Dass als einer der beiden Hauptreferenten Marian Offman vom Vorstand der Israelitischen Kultusgemeinde und deren Vizepräsident gewonnen werden konnte, weiß man umso mehr zu schätzen, als gemeinsamen Veranstaltungen mit Muslimen teilweise noch mit erheblichen Vorbehalten begegnet wird. So mussten sich muslimische TeilnehmerInnen fragen lassen, ob sie denn vorhätten, in Deutschland zu bleiben. Auch die Frage nach der Sicherheit Israels wurde aufgeworfen, wiewohl sie von allen, die die Veranstaltung mittrugen, in keiner Weise zur Disposition gestellt wird. Benjamin Idriz, der auch in München gut bekannte Imam der Islamischen Gemeinde Penzberg, erinnerte daran, dass man von hier aus leider den tragischen Nahostkonflikt nicht lösen könnte, dass man aber auch nicht so lange warten wolle und solle, um in München aufeinander zu zu gehen. Mit seinen Plänen für eine Münchner Institution für europäischen Islam skizzierte er eine Chance, wie die Stadtgesellschaft die Herausforderungen des Zusammenwachsens bewältigen kann.

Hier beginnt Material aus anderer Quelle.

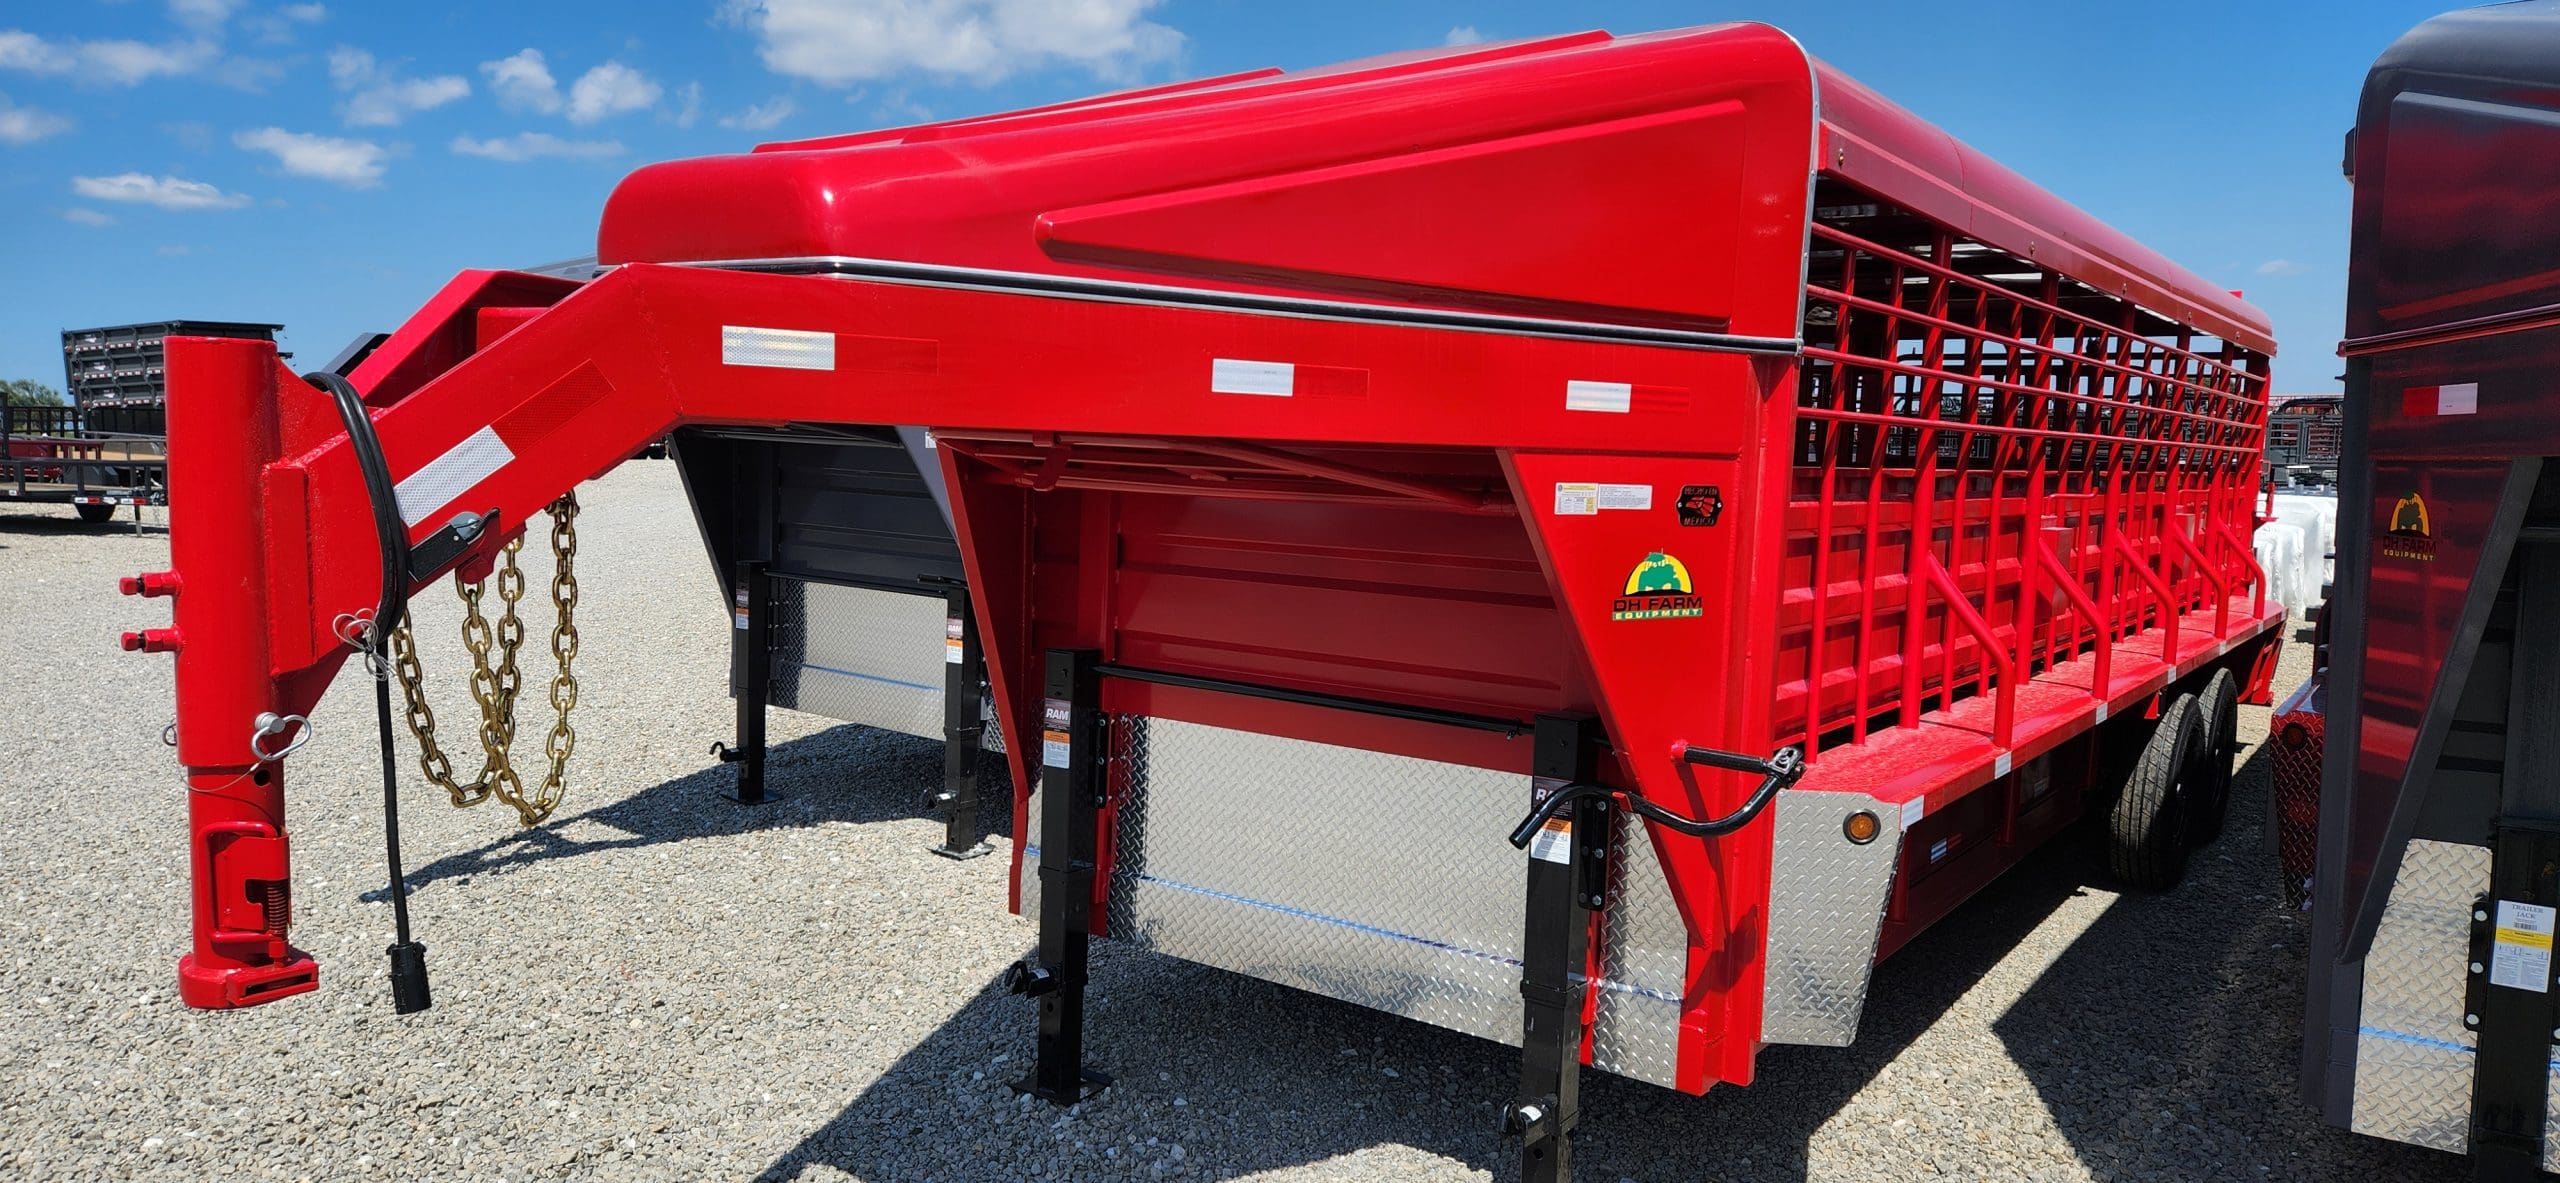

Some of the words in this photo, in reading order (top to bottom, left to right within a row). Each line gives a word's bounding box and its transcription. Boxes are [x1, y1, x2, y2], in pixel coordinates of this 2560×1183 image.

Dass Marian Offman eindrucksvoll schildern konnte, wie es am Jakobplatz gelungen ist, jüdisches Leben in der Mitte der Stadt sichtbar zu machen und zugleich einen Ort der Begegnung und des Austausches zu verwirklichen, ist Grund zu großer Freude, und macht Hoffnung.

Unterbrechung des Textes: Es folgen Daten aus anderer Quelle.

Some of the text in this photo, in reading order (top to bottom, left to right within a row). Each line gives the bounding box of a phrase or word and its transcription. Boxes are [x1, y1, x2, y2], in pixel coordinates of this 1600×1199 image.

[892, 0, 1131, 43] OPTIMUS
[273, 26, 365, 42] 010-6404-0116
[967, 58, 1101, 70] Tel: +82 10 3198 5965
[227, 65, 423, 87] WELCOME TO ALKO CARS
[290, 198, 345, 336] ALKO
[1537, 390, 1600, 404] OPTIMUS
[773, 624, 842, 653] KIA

(aus: Abrahams Post, Infoblatt der Freunde Abrahams e.V., Herbst/Winter 2008/9, S. 13)
STAATSBESUCH IM GEISTE ABRAHAMS: GROSSMUFTI MUSTAFA CERIC IN MÜNCHEN
'Verfechter eines europäischen Islam' und 'Freund des Dialogs' nannten der MÜNCHNER MERKUR und die SZ den Gast aus Sarajewo, der als geistiges Oberhaupt der bosnischen Muslime in der Tat der prominenteste Repräsentant eines in Europa beheimateten Islam ist. Rupert Neudeck von den Grünhelmen war es, der uns bei seinem Vortrag im Sommer 2006 (siehe Blätter Abrahams 5/2006) auf die 'Deklaration europäischer Muslime' aufmerksam gemacht hat, in der Mustafa Ceric für einen mit den Werten einer zukunftsorientierten, demokratischen und offenen Gesellschaft kompatiblen Islam wirbt. Unterstützt von der Islamischen Gemeinde Penzberg, deren inzwischen ebenfalls prominenter Imam Benjamin Idriz aus Skopje (Makedonien) und seine Frau Nermina aus Mostar (Herzegowina) stammen, nahmen wir es auf uns, dieses bei uns noch zu wenig bekannte Grundsatzdokument ins Deutsche zu übersetzen, und aus Freude darüber nahm der Großmufti unsere Einladung, nach München zu kommen, trotz großer terminlicher Enge an.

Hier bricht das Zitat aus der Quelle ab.